While the NHL lockout continues, it seems increasingly unlikely that the puck will ever drop on the 2012-13 NHL season, which will obviously impact all 30 teams when the league eventually opens its doors for business.
As a result, there will be a wide variety of marquee players set to hit the free-agent market prior to to the 2013-14 campaign, which will force a number of teams to look back with regret on the summer of 2012.
Outside of the elite players that will be without contracts for next season, a bunch of big names will remain with their current teams, who unfortunately, will wish they'd made deals prior to the work stoppage.
Here's a look at some of the high-profile guys who teams will eventually regret not moving prior to the lockout.
As the longtime face of the San Jose Sharks franchise, Patrick Marleau wouldn’t have come cheap for any potential trade suitors, at least prior to the 2012 NHL lockout. Now, with a likely decrease in the salary cap, Marleau’s $6.9 million doesn’t seem so reasonable for a guy whose goal and point totals have been in a steady decline for the last three seasons.
The former No. 2 overall pick will undoubtedly one day see his jersey hanging from the rafters at HP Pavilion, but at this point, unless Marleau’s looking to take a serious pay cut to remain in San Jose beyond 2013-14, the Sharks should have tried to get something of substance for him instead of simply losing him to free agency next summer.

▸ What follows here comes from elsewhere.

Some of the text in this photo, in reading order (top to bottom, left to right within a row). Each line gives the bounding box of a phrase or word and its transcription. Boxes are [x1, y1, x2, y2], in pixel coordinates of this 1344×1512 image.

With Nail Yakupov, Ryan Nugent-Hopkins, Taylor Hall and Jordan Eberle in the fold, the Oilers’ need for a streaky scorer like Ales Hemsky has decreased exponentially, and should have tried to peddle him for a defenseman on Draft Day instead of hanging onto him.

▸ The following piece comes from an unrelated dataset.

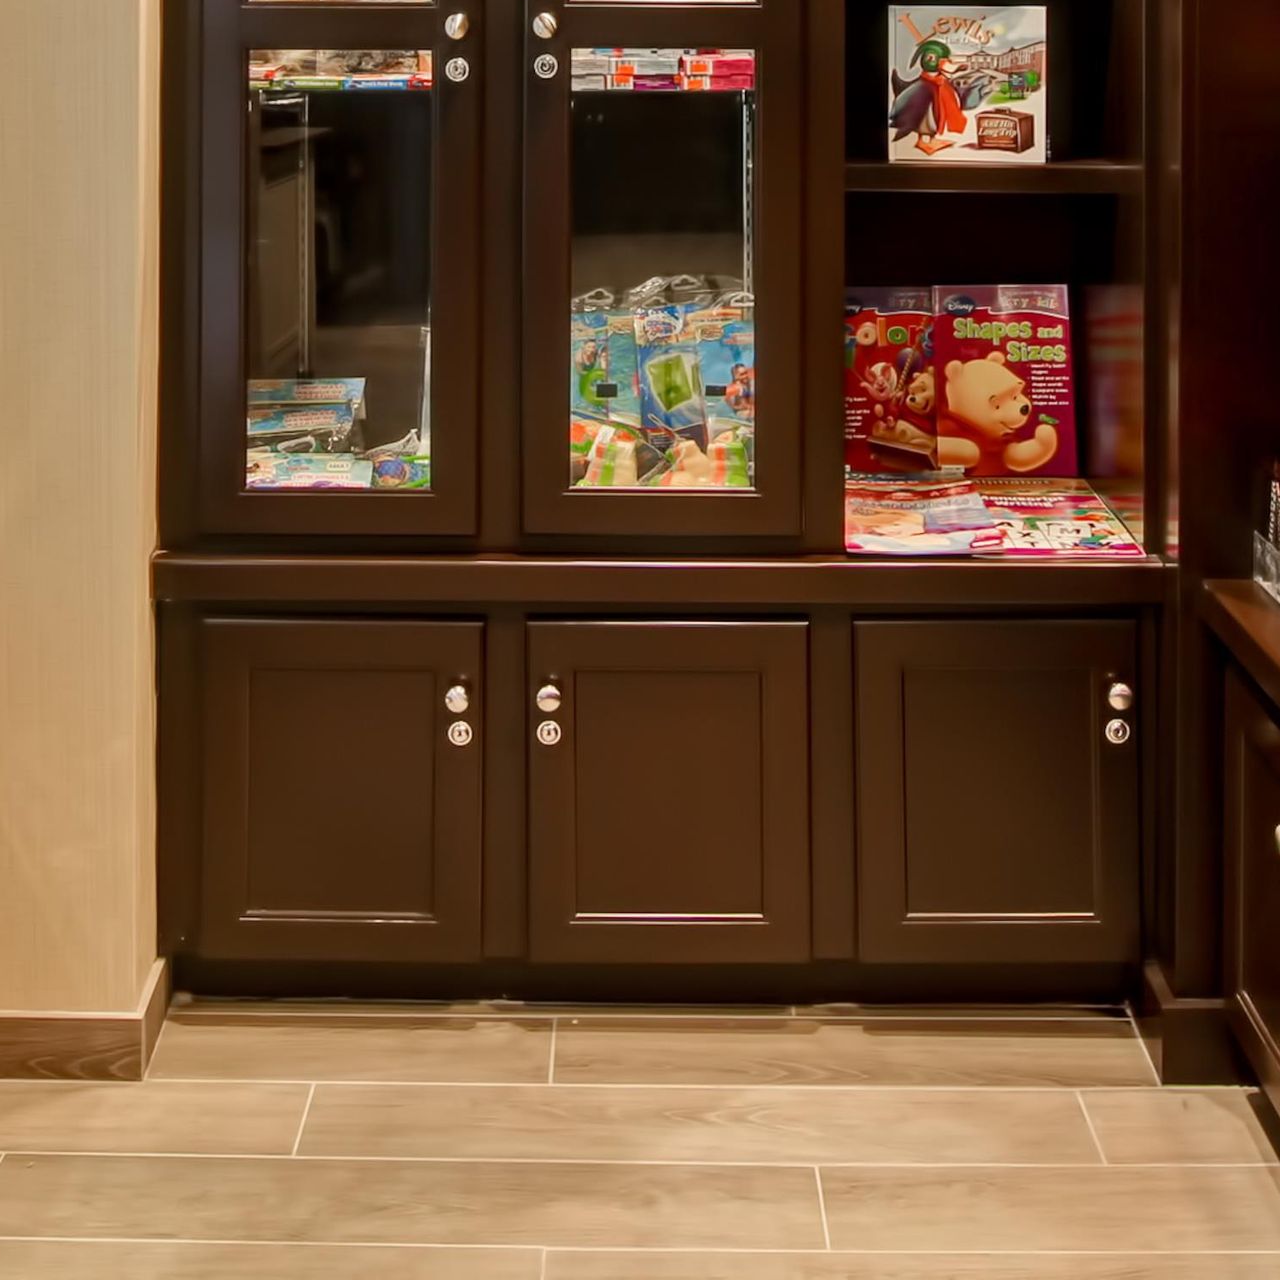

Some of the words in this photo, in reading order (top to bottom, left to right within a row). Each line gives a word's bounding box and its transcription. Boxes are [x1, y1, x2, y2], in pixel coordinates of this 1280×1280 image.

[953, 317, 1033, 346] Shapes
[1036, 324, 1064, 339] and
[1006, 340, 1067, 363] Sizes

Given his $5 million cap hit, with only one year remaining on his deal, Edmonton won’t get much for Hemsky, and he’ll be on his way to a contending team at a discounted price tag by the time the 2014-15 season rolls around.
Regardless of his trade value, $5 million is far too much to pay a guy that hasn’t hit 50 points in three seasons.

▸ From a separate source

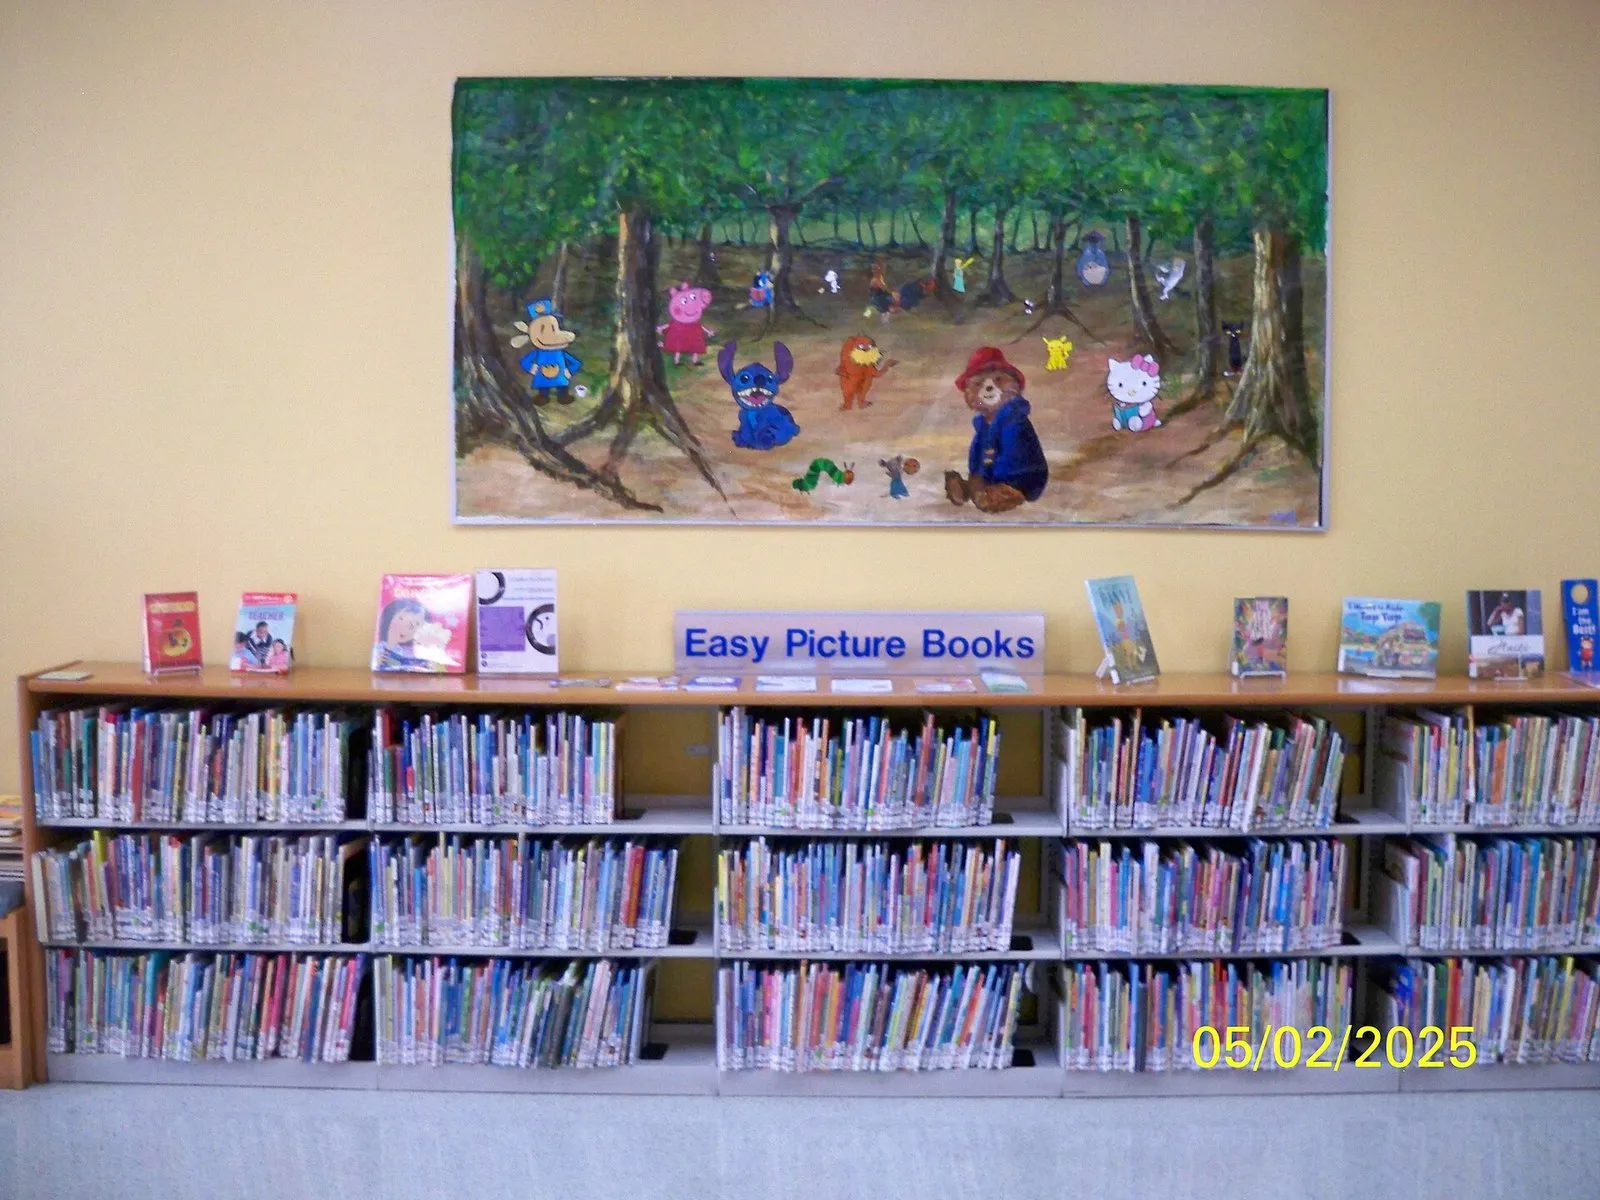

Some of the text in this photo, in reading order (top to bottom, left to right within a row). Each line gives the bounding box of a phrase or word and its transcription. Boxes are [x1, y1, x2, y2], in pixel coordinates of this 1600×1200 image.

The Vancouver Canucks made a statement by benching Roberto Luongo, the team’s iconic puck-stopper, in the team’s opening-round showdown with the eventual Stanley Cup Champion Kings in the spring of 2012.
It’s a foregone conclusion that Luongo will be donning a new jersey next season, but the return Mike Gillis will fetch won’t be what it could have been had the Canucks dealt the embattled superstar immediately following the postseason.
He’s certainly still a quality No. 1 goaltender in the NHL, but given his albatross of a contract, sticking with Cory Schneider is the best course of action for Vancouver.
He’s been a solid captain for the Islanders, but with New York in the midst of yet another youth movement, it’s far from a lock that All-Star defenseman Mark Streit will be back on Long Island when the NHL resumes play.
If he were to stay with the Isles, he’d undoubtedly have to take a pay cut to do so, and considering that the Swiss puck-mover’s a 35-year-old unrestricted free agent as of July 1, Garth Snow should’ve tried to get some sort of return for the captain.
Besides, it’s time for John Tavares to take over as captain, considering he’s already grown into the role of being the team’s on-ice leader.
Yeah, the Penguins already dealt Zbynek Michalek at the beginning of the summer, but if Ray Shero wants to re-sign Brooks Orpik and Kris Letang to to long-term deals, it’ll be tough to fit three rearguards making $5 million or more under the salary cap.
At this stage, Martin isn’t worth $5 million to Pittsburgh, but for a team in need of a solid puck-mover, he will be.
It wasn't long ago that Paul Stastny was the Colorado Avalanche's franchise player, but since the Avs acquired Matt Duchene, Erik Johnson, Ryan O'Reilly and newly minted captain Gabriel Landeskog, the former All-Star isn't worth his current cap hit of over $6 million.
There's no doubting his abilities, especially considering his Hall of Fame bloodlines, but Stastny has taken some significant steps back since his 79-point campaign in 2009-10.
Now, the 2010 Olympic silver medalist is more expendable than ever before, and when his current deal expires in the summer of 2014, the Avs should let him walk if he wants anything close to his current contract.
If that's the case, the Avs would've been better suited to deal him prior to the lockout.